- Work to be completed
When you come to a picture, pass over it, and set down the entries below exactly.

Entries taken from a collection
'''
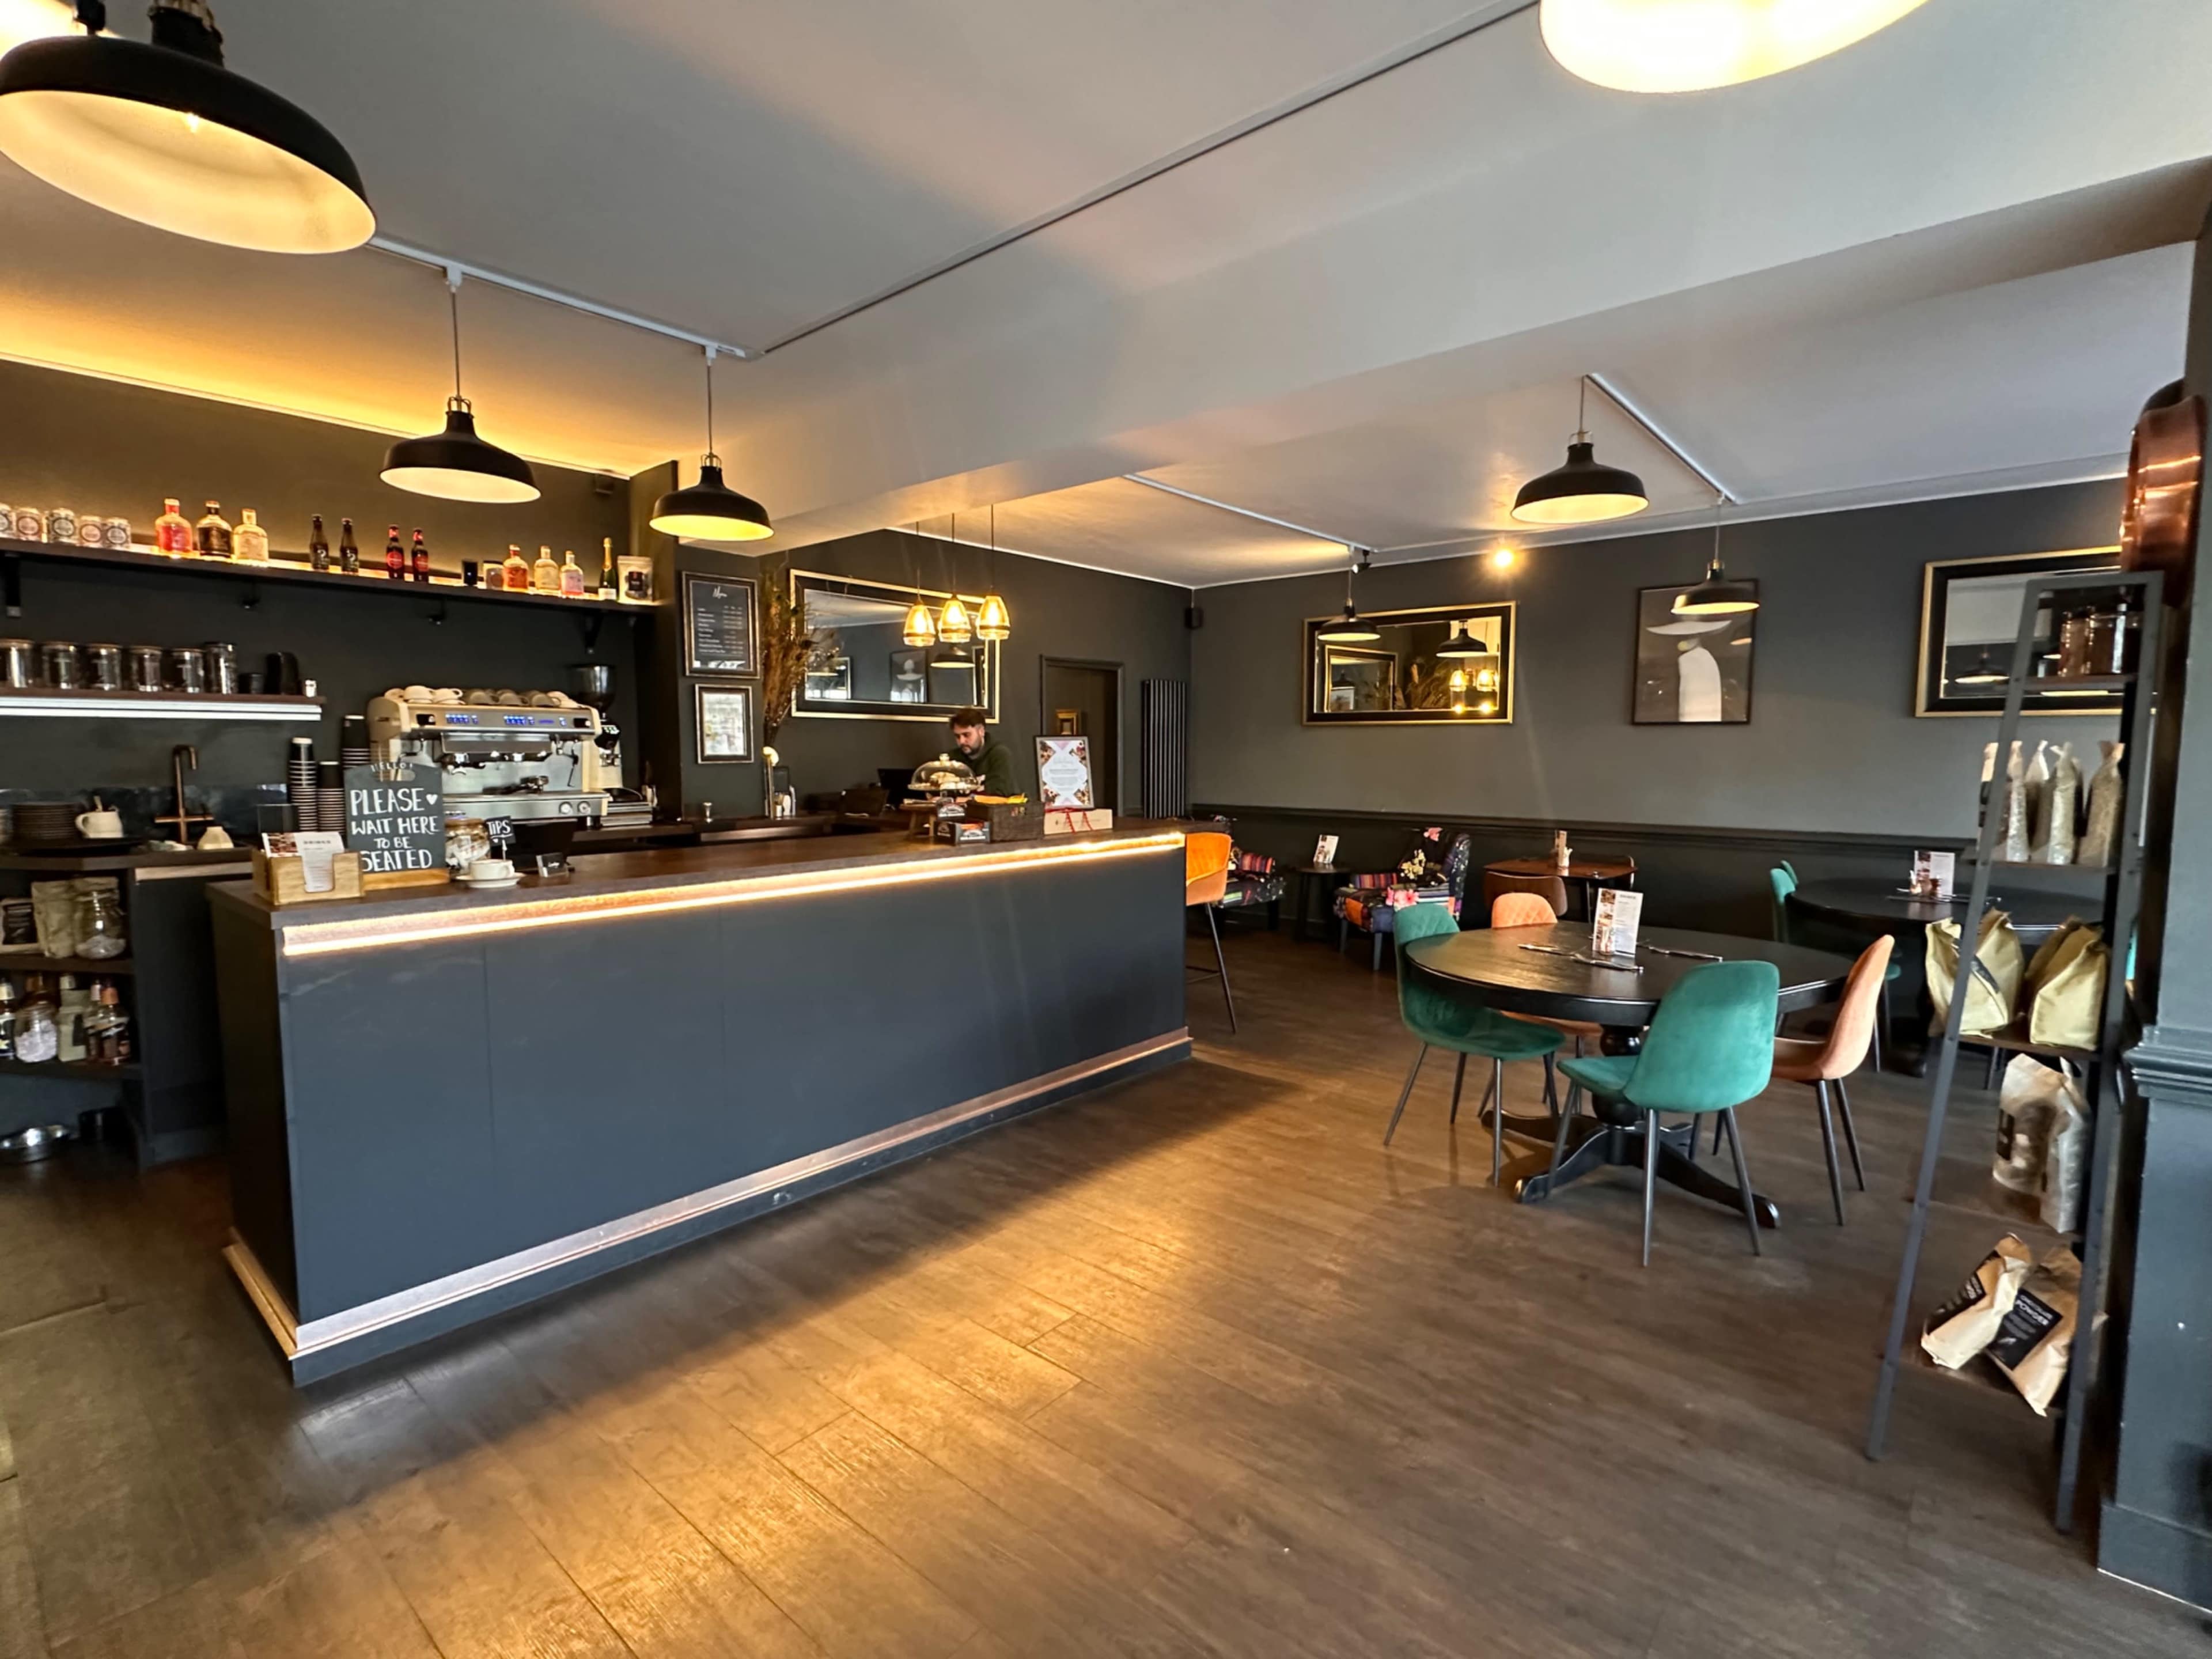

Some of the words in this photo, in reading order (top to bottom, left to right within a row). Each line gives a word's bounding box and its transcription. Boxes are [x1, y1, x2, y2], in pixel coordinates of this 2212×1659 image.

[350, 787, 425, 816] PLEASE
[351, 818, 393, 835] WAIT
[397, 816, 440, 835] HERE
[373, 837, 390, 849] TO
[393, 836, 413, 849] BE
[360, 849, 433, 872] SEATED
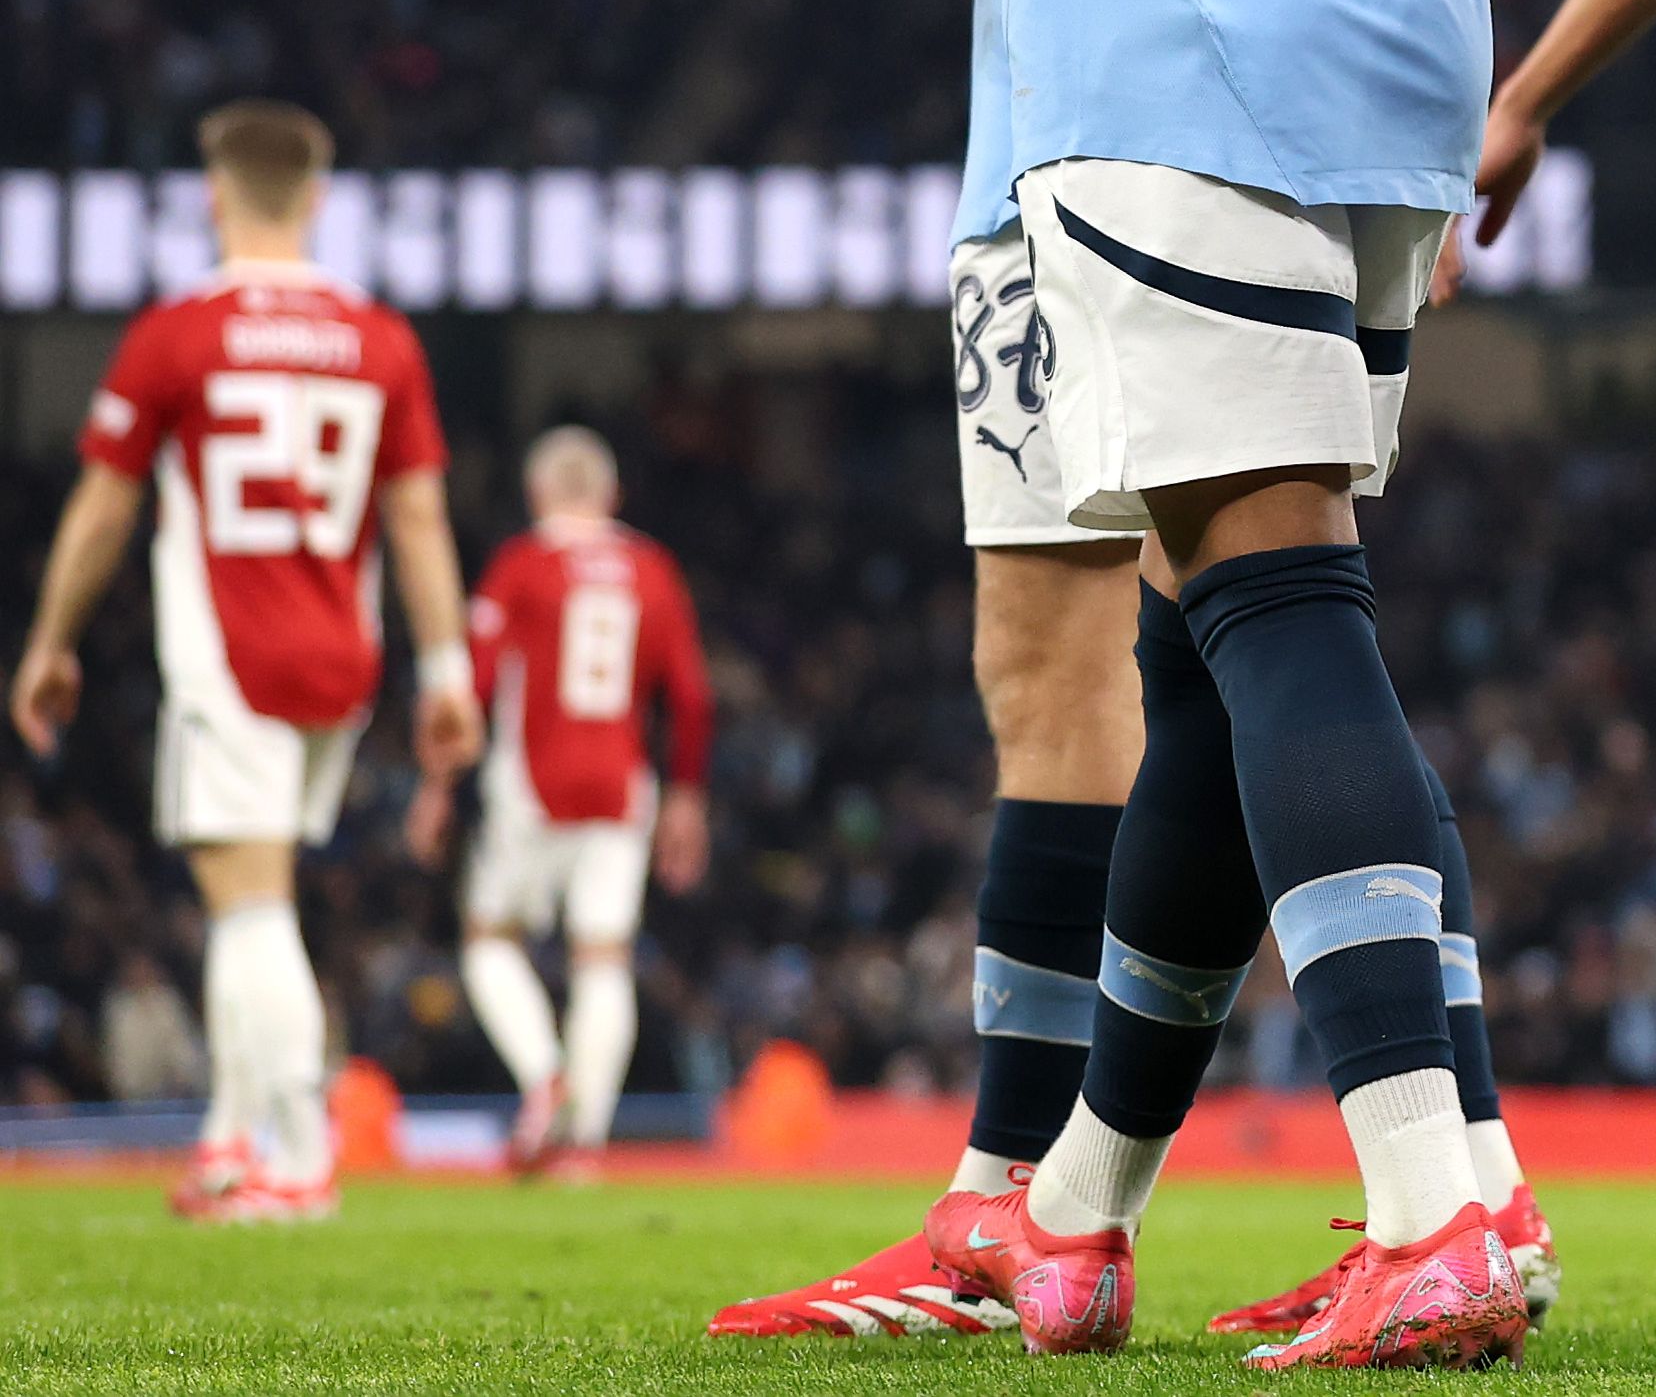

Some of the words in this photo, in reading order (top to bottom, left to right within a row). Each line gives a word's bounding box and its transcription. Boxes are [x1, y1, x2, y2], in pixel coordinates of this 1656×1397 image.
'''
- Response to this exercise
Some of the words in this photo, in reading order (top to bottom, left to right within a row). Each line gives a word's bounding box and its transcription. Boxes are [x1, y1, x2, y2], in pixel coordinates of this 2212×1659 image.

[350, 787, 425, 816] PLEASE
[351, 818, 393, 835] WAIT
[397, 816, 440, 835] HERE
[373, 837, 390, 849] TO
[393, 836, 413, 849] BE
[360, 849, 433, 872] SEATED

Some of the words in this photo, in reading order (top to bottom, left to right within a row). Each line gives a word's bounding box and its transcription. Boxes are [x1, y1, x2, y2], in pixel coordinates of this 1656×1397 image.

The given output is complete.